Looking at the proposal drafts, the search, chat, and categorisation proposals all build on the same core idea (unless I missed something): split notes into chunks, generate embeddings, store the vectors, and retrieve by similarity. Whether the goal is search, chat, or auto-tagging, the retrieval layer underneath looks very similar. Existing plugins already do this to some extent too.

Shared infrastructure as an opportunity

Since search, chat, and categorisation may make use of the same embedding index, there's a nice opportunity to build it once and build it well.

I'm not sure what the right architecture for this would be (I experimented with storing embeddings in userData, which can potentially be shared across plugins in the future). But the idea is for one process to build the index (using the latest methods), one set of vectors (perhaps even synced across devices). Other features like chat, search, categorisation would just be consumers.

This is also relevant for local model loading. Several proposals want to run embedding models in-process (via Transformers.js or WASM). That works well for a single plugin, but if multiple plugins each load their own model, the memory footprint inside the app adds up quickly. A shared index means one model, one memory budget.

Building a shared embedding index could be a GSoC-sized project on its own, especially combined with the pipeline improvements I describe below. Something like "build a shared, high-quality embedding index for Joplin" could create the foundation that makes all the downstream features possible. With a shared index in place, features like chat, auto-tagging, and related notes become much easier to build on top, which frees up time for the harder problems in each project.

Where I see the interesting opportunities

Two directions that I think would take Joplin's AI capabilities further than what we have today:

Retrieval pipeline improvements

The basic embed-and-retrieve approach works, but there are well-known techniques that can meaningfully improve quality. I wrote about it recently here. Some ideas:

  • Reranking: using a second, more precise model to re-score the top results before passing them to the LLM.

  • Hybrid scoring: combining keyword-based scores (like BM25) with vector similarity automatically, so exact term matches get a natural boost.

  • Query decomposition: breaking complex questions into sub-queries and retrieving for each one separately.

  • Relevant segment extraction (RSE): dynamically combining adjacent relevant chunks into longer segments instead of returning fixed-size blocks.

The nice thing about these is that if we have a shared infrastructure, they benefit every downstream feature at once: chat, search, related notes, and auto-tags all get better together.

Agent-based search

Current proposals use embedding-based retrieval: embed the query, rank by similarity. But search can also work differently and become distinct from the pipeline above. An LLM agent could use Joplin's existing search tools (keyword search, tag filters, date ranges, notebook scoping) and reason about how to combine them. This is similar to what Joplin MCP servers do, but built into the app rather than through an external client.

This would be a genuinely different approach from embedding-based retrieval. It doesn't need a vector index at all, just tool-use capabilities. It could work as a plugin or potentially in core. I haven't seen anyone propose this yet, and I think it's worth exploring.

Sharing this to start a conversation. Happy to discuss any of this with students, mentors or users.

10 Likes

This is a very interesting perspective on the AI-related ideas for this year.

While working on my proposal for Idea 5 (Automatically label images using AI), I also noticed that several AI features could end up loading their own models or building their own pipelines independently.

A shared infrastructure for things like model loading or indexing could definitely reduce duplication and memory usage, especially if multiple plugins run local models (for example via Transformers.js or similar approaches).

The idea of agent-based search is also very interesting. Since Joplin already has strong structured search features (tags, notebooks, date filters), an agent that can reason about how to combine these tools could provide a different approach compared to embedding-based retrieval.

Looking forward to seeing how these ideas evolve.

It would like to suggest my opinion on three of your prospects. I can suggest one by one by area:

  • Shared Embedding Index via userData

Rather than building a private vector store that only the AI search plugin can access, I will architect the indexing pipeline to store all embeddings and metadata in Joplin's userData directory.
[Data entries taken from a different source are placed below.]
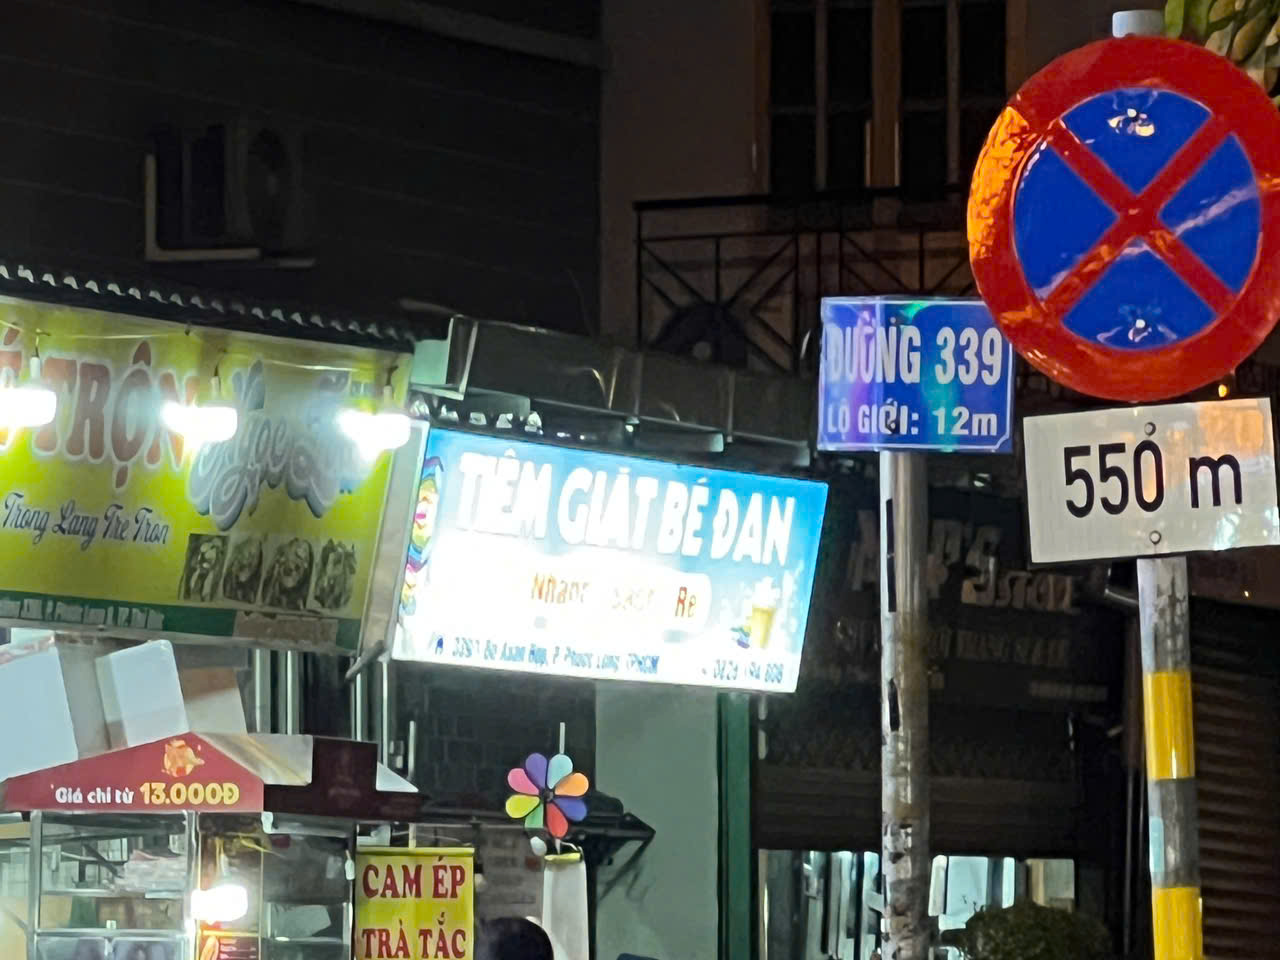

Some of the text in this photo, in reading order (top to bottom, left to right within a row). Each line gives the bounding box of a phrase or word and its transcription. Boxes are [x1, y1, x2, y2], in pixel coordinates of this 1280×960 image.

[935, 326, 1003, 386] 339
[932, 406, 998, 437] 12m
[1063, 439, 1243, 519] 550 m
[656, 477, 710, 556] BÉ
[55, 787, 83, 804] Giá
[140, 782, 240, 806] 13.000Đ
[362, 856, 466, 899] CAM ÉP
[361, 911, 467, 960] TRÀ TẮC
This means the index is built once, maintained by a single background process, and shared across any Joplin plugin that needs it.

A plugin for chat, auto-tagging, or related notes would simply read from the same sqlite-vec database file in userData rather than running its own indexing pipeline and loading its own embedding model. This directly addresses the memory footprint problem. Instead of three plugins each loading a 500MB embedding model into memory simultaneously, the shared infrastructure loads one model once and all downstream features consume the same vectors. The indexing pipeline I have already designed (paginated note fetching) SHA-256 change detection, overlapping chunks, and F32BLOB vector storage remains exactly the same.
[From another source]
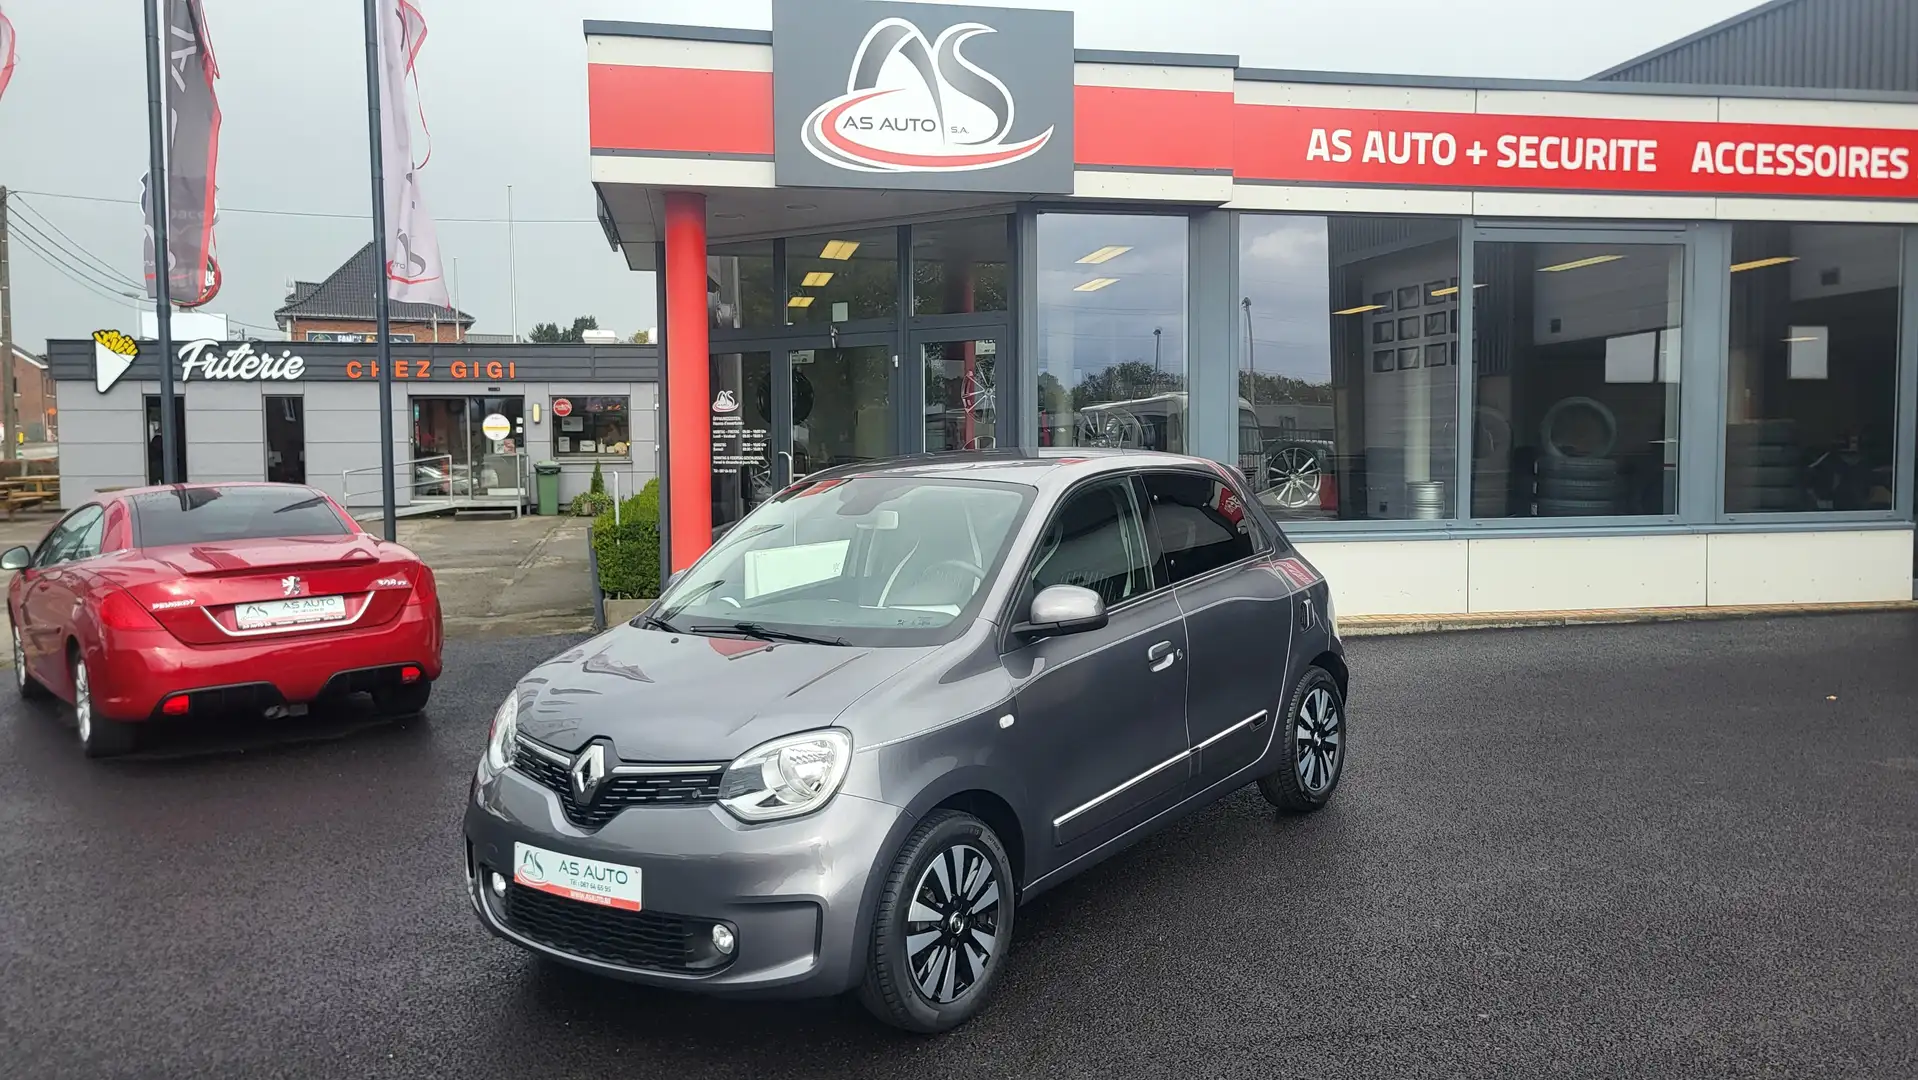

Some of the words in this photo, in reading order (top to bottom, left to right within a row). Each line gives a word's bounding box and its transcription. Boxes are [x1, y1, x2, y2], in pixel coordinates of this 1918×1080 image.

but its output is now a shared resource rather than a private one. This makes my plugin the foundation layer that makes every other AI feature in Joplin cheaper and easier to build.

  • Retrieval Pipeline Improvements

The basic embed and retrieve approach I described in section 3.5 of my proposal works but I will extend it with two concrete improvements that meaningfully increase result quality.

The first is hybrid scoring, which combines BM25 keyword-based scores with cosine vector similarity so that exact term matches receive a natural boost alongside semantically relevant results. This removes the need for the user to think about whether their query is keyword style or natural language. The ranking handles both automatically.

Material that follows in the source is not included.